Tennis (nem). Gleich mit zwei Titeln kehrten die Serienmeister Iris Brembt und Oliver Theiß von den Norddeutschen Meisterschaften aus Bremen zurück. Beim TV Bremen Ost trafen sich die Spieler der Verbände Nordwest (Bremen), Hamburg, Niedersachsen und Schleswig-Holstein. Da es sich um offene Meisterschaften handelte, konnten jedoch auch Spieler aus anderen Landesverbänden teilnehmen.
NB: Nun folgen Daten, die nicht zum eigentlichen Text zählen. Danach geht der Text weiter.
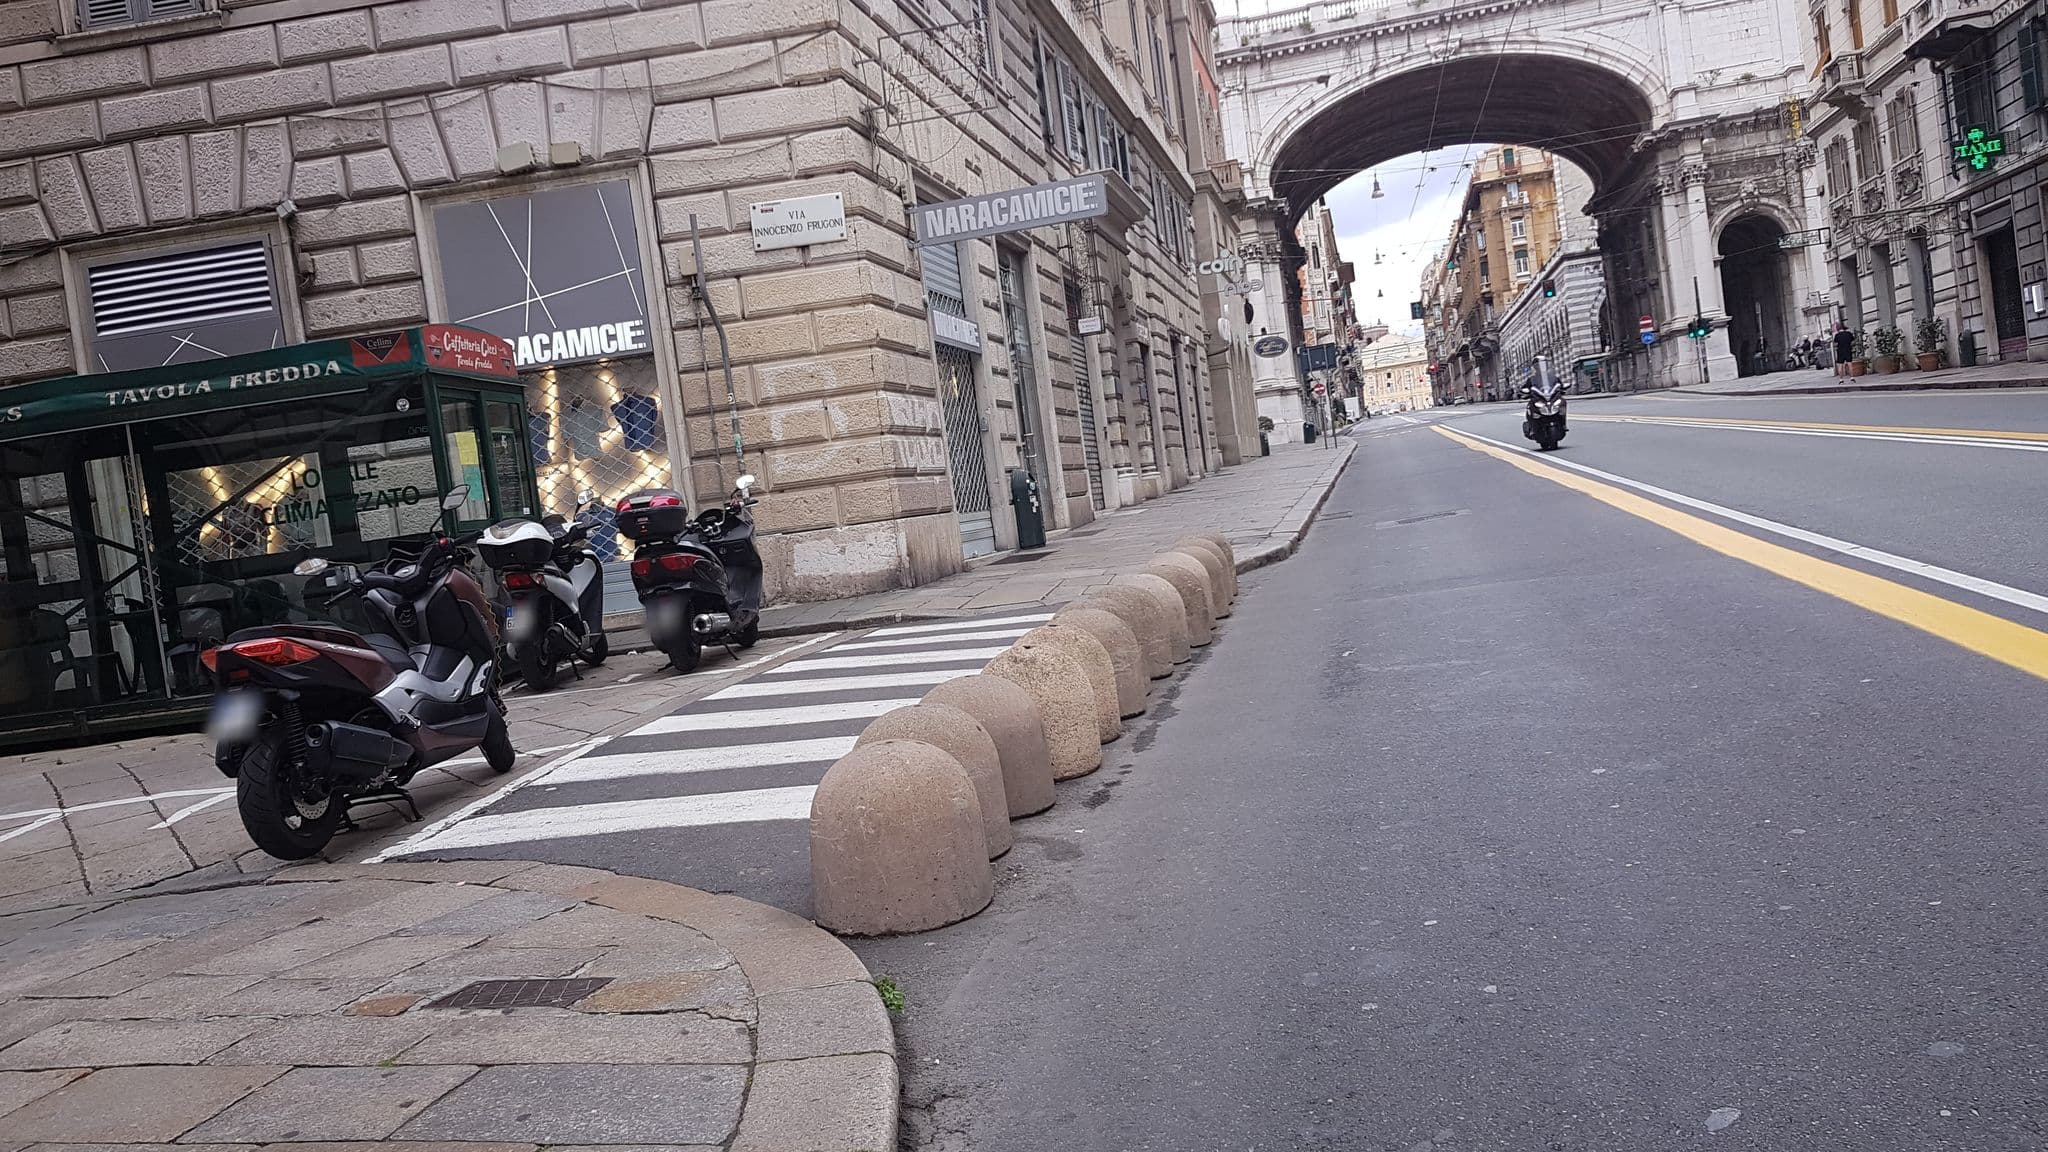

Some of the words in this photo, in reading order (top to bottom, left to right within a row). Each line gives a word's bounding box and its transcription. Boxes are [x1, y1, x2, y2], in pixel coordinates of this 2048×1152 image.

[788, 210, 806, 220] VIA
[924, 181, 1099, 239] NARACAMICIE
[754, 223, 803, 238] INNOCENZO
[806, 217, 844, 231] FRUGONI
[1199, 249, 1245, 275] coin
[443, 331, 481, 353] Caffetteria
[104, 379, 212, 406] TAVOLA
[229, 360, 342, 389] FREDDA
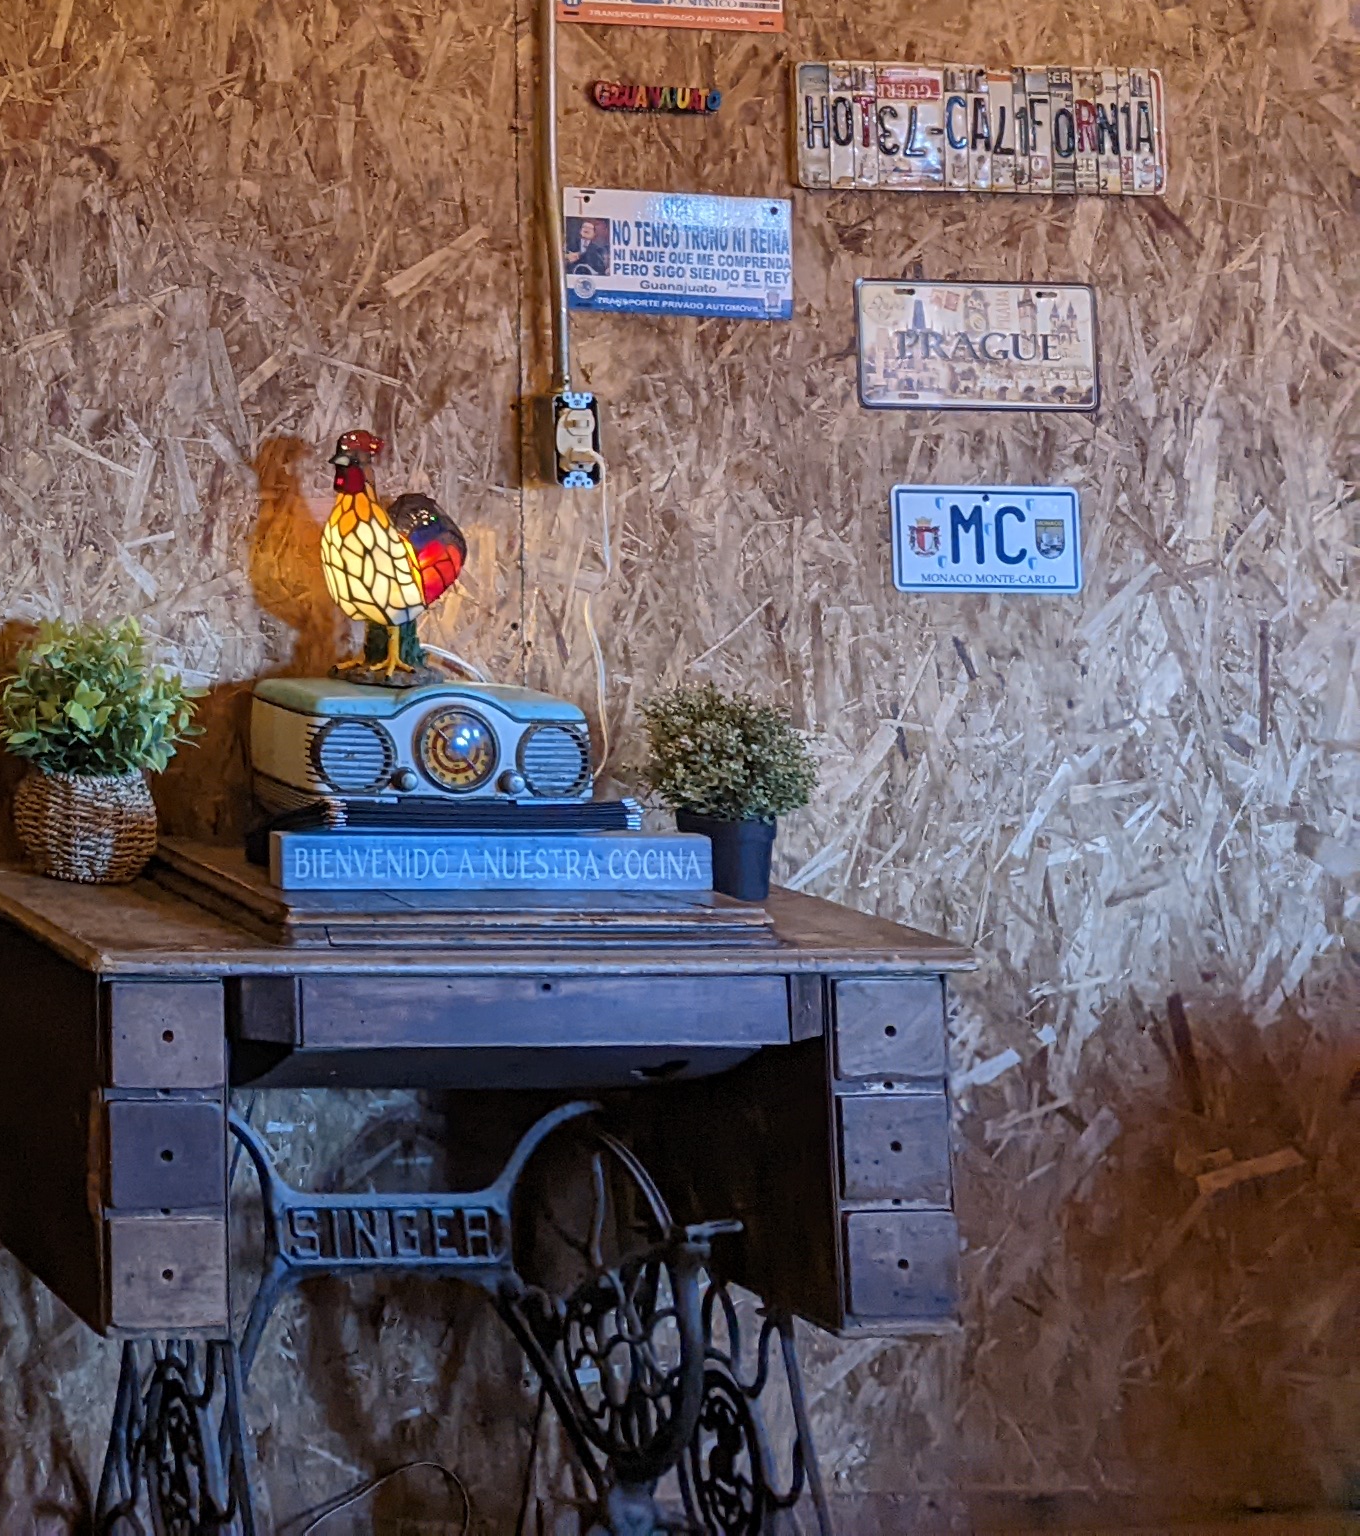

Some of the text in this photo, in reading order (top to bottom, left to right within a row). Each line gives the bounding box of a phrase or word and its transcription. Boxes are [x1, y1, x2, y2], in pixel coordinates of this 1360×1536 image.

[589, 9, 650, 20] TRANSPORTE
[612, 220, 790, 256] NO TENGO TRONO NI REINA
[613, 248, 792, 271] NI NADIE QUE ME COMPRENDA
[613, 262, 790, 286] PERO SIGO SIENDO EL REY
[639, 280, 718, 295] Guanajuato
[597, 297, 660, 310] TRANSPORTE
[661, 299, 704, 311] PRIVADO
[894, 329, 1062, 361] PRAGUE
[949, 503, 1028, 566] MC
[921, 573, 1057, 585] MONACO MONTE-CARLO
[293, 846, 703, 882] BIENVENIDO A NUESTRA COCINA
[292, 1209, 497, 1261] SINGER
veröffentlicht am 27.02.2009 um 15:24 Uhr

Oliver Theiß siegte bei den Herren 40/45. Foto: nem

Damen 30: In dieser Konkurrenz wurde die Norddeutsche Meisterin im System "Jede gegen Jede" ausgespielt, wobei die Stadthägerin insgesamt ungeschlagen blieb. Gegen Sandra Fritsch (DTV Hannover) wurde sie beim 6:0/6:2 kaum gefordert. Etwas schwieriger wurde es dann schon gegen Nicole Seliger (TV Ramlingen Ehlershausen). Mit 7:5/6:3 blieb sie jedoch erneut ohne Satzverlust. Die alles entscheidende Partie, gewissermaßen das Finale, ging dann jedoch über die volle Distanz von drei Sätzen. Gegen Andrea Wulferding (Bremer TV) musste Iris Brembt mit 2:6 den ersten Satzverlust hinnehmen. Doch in folgenden Sätzen blieb sie mit jeweils 6:2 dann doch deutlich überlegen und fügte ihrer langen Titelsammlung einen weiteren großen Erfolg hinzu. Herren 40/45: Oliver Theiß, bis Ende September an den Norddeutschen Meister GW Lingen "ausgeliehen", wurde seiner Favoritenrolle erneut gerecht. An Position 1 gesetzt, musste er sich zunächst mit Dean Grube (LTC Elmshorn) auseinander setzen, was ihm mit 6:1/6:3 spielend gelang. Im Halbfinale wurde es dann jedoch erheblich schwerer. Claas Roggendorf (RW Bremen) hatte immerhin die Nummer 3 der Setzliste, Jörg Budde (Oldenburger TV) in zwei Sätzen ausgeschaltet. Mit 6:2/4:6/6:2 wurde jedoch auch diese Hürde genommen, und Oliver Theiß stand im Finale. Hier traf er auf den hoch eingeschätzten ehemaligen Spitzenspieler Tom Zacharias (Hildesheimer TV). Nach einem durchaus spannenden Finale setzte sich der Stadthäger am Ende jedoch verdientermaßen mit 6:4/6:4 durch und war Norddeutscher Meister.